JEFFREY LEE PIERCE Wildweed - US 1985



JEFFREY LEE PIERCE
Wildweed - US 1985

I Gun Club terminano disastrosamente - con lo scioglimento - il tour promozionale dell’album Las Vegas Story. È il 1985 e Jeffrey Lee Pierce, decide di esiliarsi a Londra. In questo periodo, che si concluderà nel 1987 con la rifondazione del Club Della Pistola e l’incisione di Mother Juno, Jeffrey Lee si intesta l’EP Flamingo ed il Long Playing Wildweed, che strizza l’occhio alla New wave, suscitando gli strali dei fan della prima ora.

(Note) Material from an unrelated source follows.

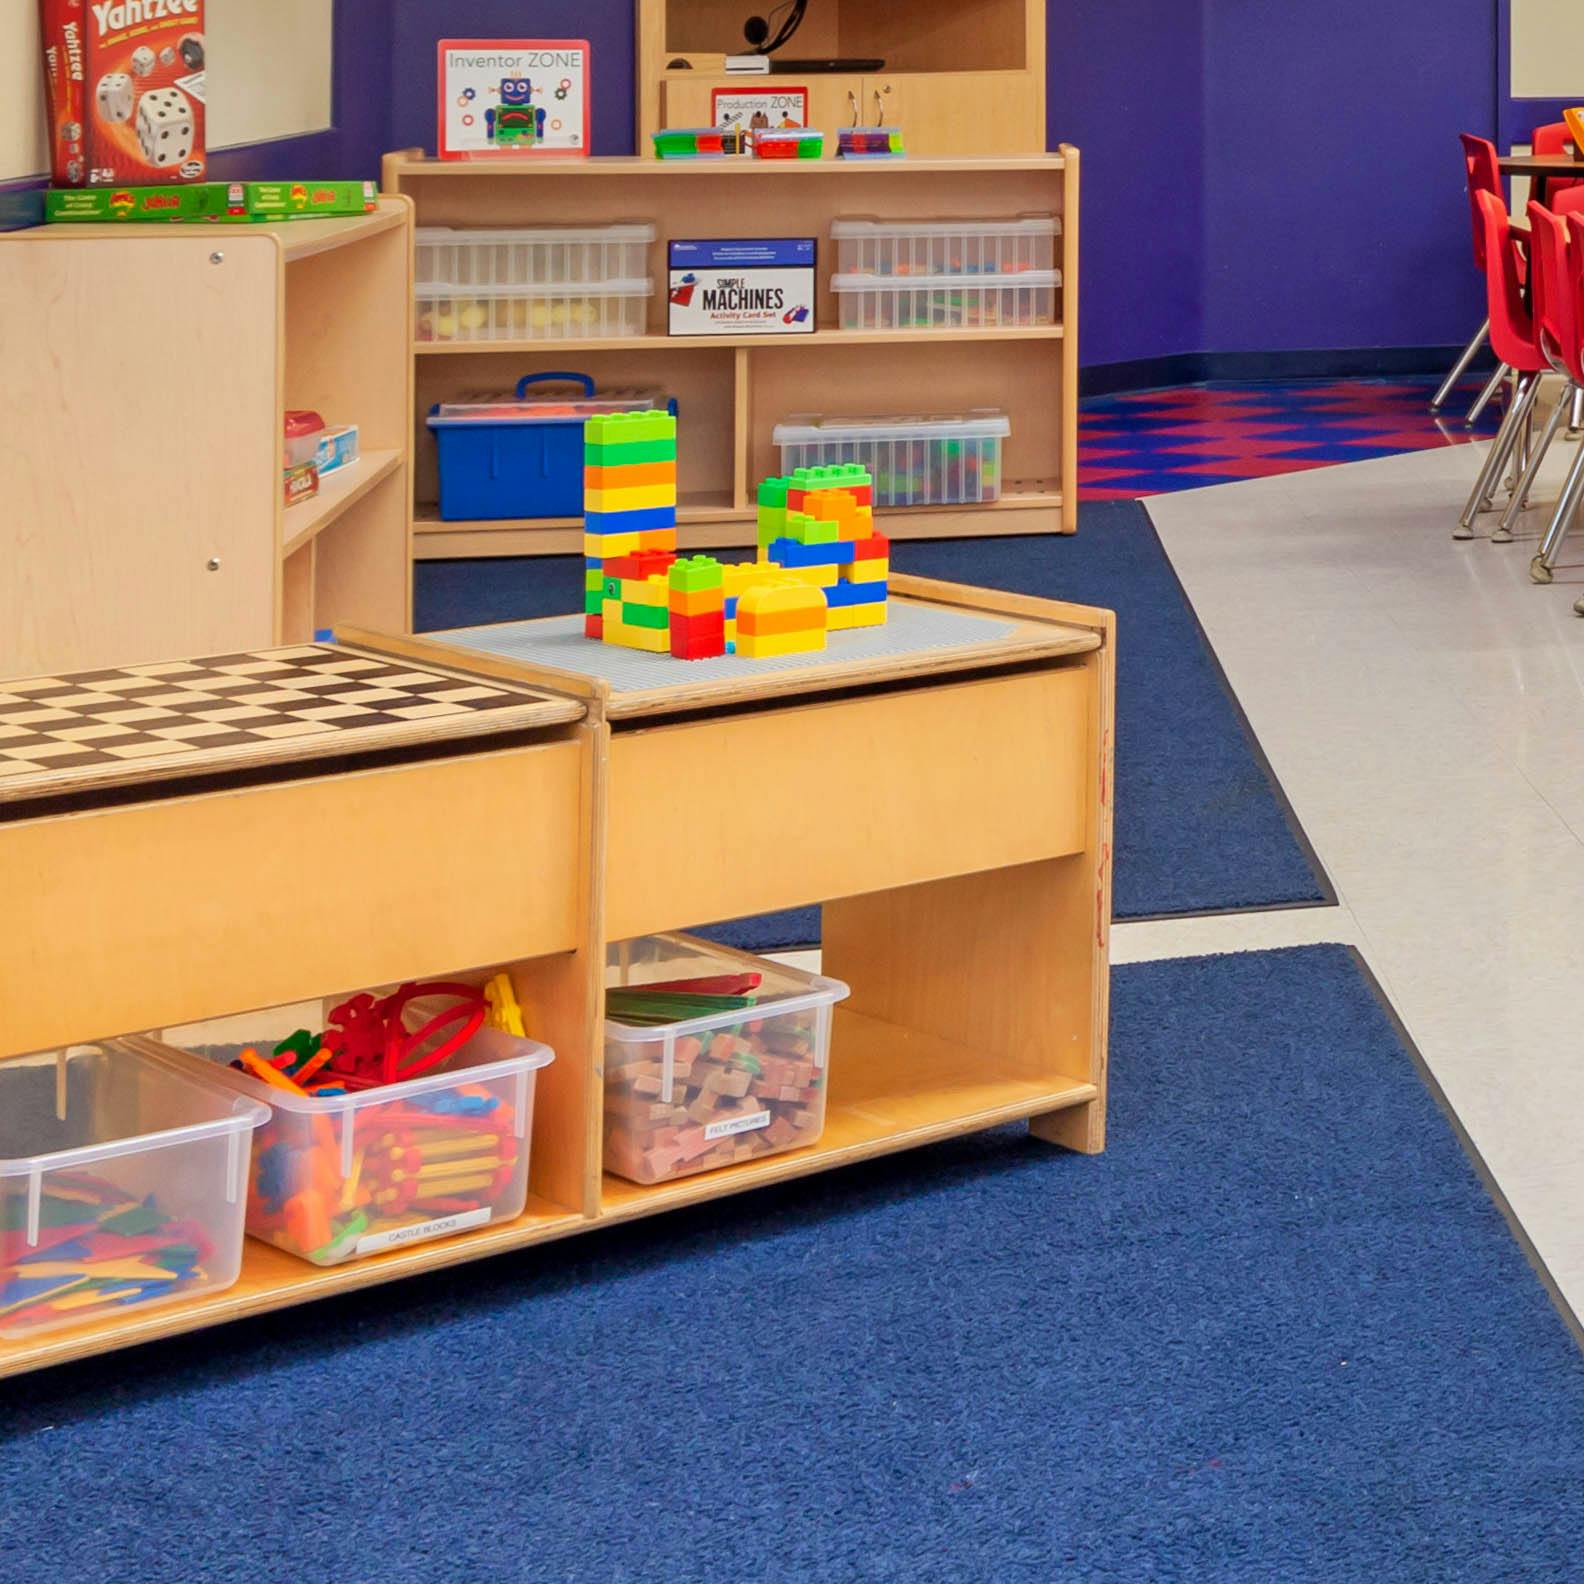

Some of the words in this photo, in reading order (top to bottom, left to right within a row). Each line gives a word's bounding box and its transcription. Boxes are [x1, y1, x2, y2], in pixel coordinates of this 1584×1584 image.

Ma è solo apparenza superficiale perché Wildweed, sotto l’epidermide, è un disco del Gun Club a partire dalla memorabile copertina in bianco e nero, che trasuda desolazione e ritrae Jeffrey Lee, in uno spoglio paesaggio rurale, stretto in un pastrano nero che ha visto tempi migliori, con calcato in testa un cappellaccio anch’esso nero, mentre fissa l’orizzonte con un fucile a pompa appoggiato sulla spalla.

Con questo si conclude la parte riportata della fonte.